Columna de opinión

Comer recuerdos

El otro día compré un par de granadillas. No porque sea una de mis frutas favoritas, sino porque cada vez que las veo, recuerdo a mi padre.

Crecí en El Salvador, en un entorno bicultural. Mi padre era salvadoreño y mi madre, alemana. Dos culturas con maneras muy diferentes de representarse en lo cotidiano. Mi madre regía en el entorno doméstico. Así es que las decisiones de lo que se cocinaba, se comía o cómo se hacían las cosas, las tomaba e imponía ella. Sin discusión alguna.

Mi madre no era la mejor de las cocineras. Algunos pocos platillos, como el goulash, el sauerkraut, las salchichas y, sobre todo, los pasteles, le quedaban espectaculares. Pero nos hacía sufrir con los bistecs de hígado, duros y con mal sabor, que nos obligaba a cenar con relativa frecuencia porque, según decía, “tiene mucho hierro”. Pero cuando estés en Roma, haz como los romanos. Mi madre no sólo probó y gustó de varios platillos salvadoreños, sino que adoptó algunos (los frijoles, el arroz y las tortillas de maíz), como infaltables en nuestra dieta. También aprendió a hacer tamales y atoles. Le quedaban espectaculares.

Sin embargo, las malas cenas superaban a las buenas, por lo que mi padre solía comprar comida durante las noches de semana. Eran las comidas típicas sin las cuales él no podía vivir. Esto era en los años 70, cuando todavía no existían cadenas de comida rápida. Abundaban las rosticerías, con los pollos en vitrina, haciendo su interminable danza giratoria alrededor del fuego y las papitas colochas conservaban su tostado bajo un foco encendido, dentro de cajones de vidrio. Sus olores impregnaban los atardeceres de la antigua San Salvador, junto al ruido que hacían las cortinas metálicas de los almacenes, al ser bajadas, y el piar insistente de los pájaros que anidaban en los árboles de los parques. Sí, aunque parezca increíble, alguna vez en los parques de San Salvador hubo abundantes árboles.

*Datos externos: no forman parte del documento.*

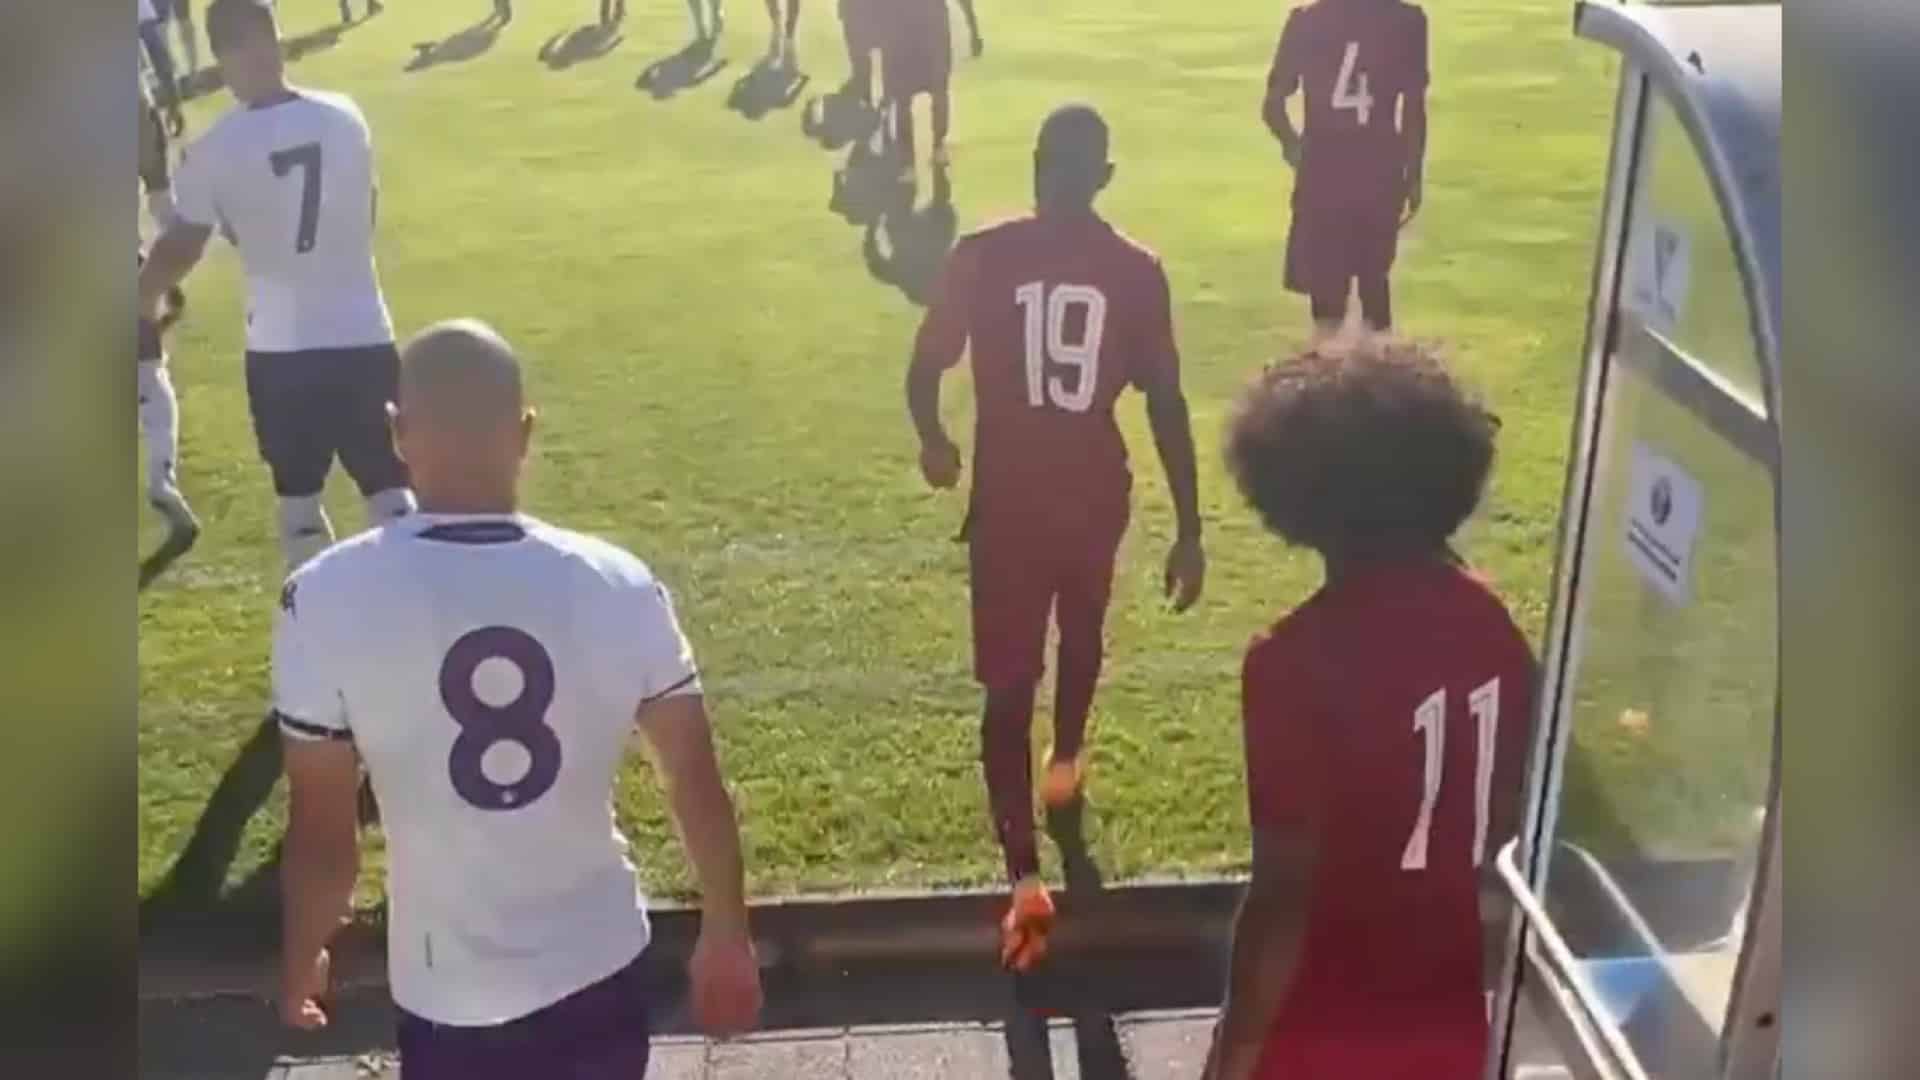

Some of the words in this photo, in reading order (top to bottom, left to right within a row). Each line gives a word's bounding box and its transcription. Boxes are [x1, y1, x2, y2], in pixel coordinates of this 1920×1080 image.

A mi padre le gustaban los panes con chumpe, con doble porción de berro y rábanos. Los compraba donde la niña Mariíta, en la colonia Modelo, un par de cuadras antes de llegar a la gasolinera y los multifamiliares. El comedor de la niña Mariíta era sencillo, con mesas y bancas de madera y una barra desde la cual atendía al cliente. A mi padre lo conocía desde hacía años. Lo que más me impresionaba de aquel comedor eran dos o tres grandes ollas de peltre azul que tenía sobre la barra y desde la cual servía los frescos del día con un cucharón de sopa. Me parecía gracioso que el fresco se sirviera con esos cucharones.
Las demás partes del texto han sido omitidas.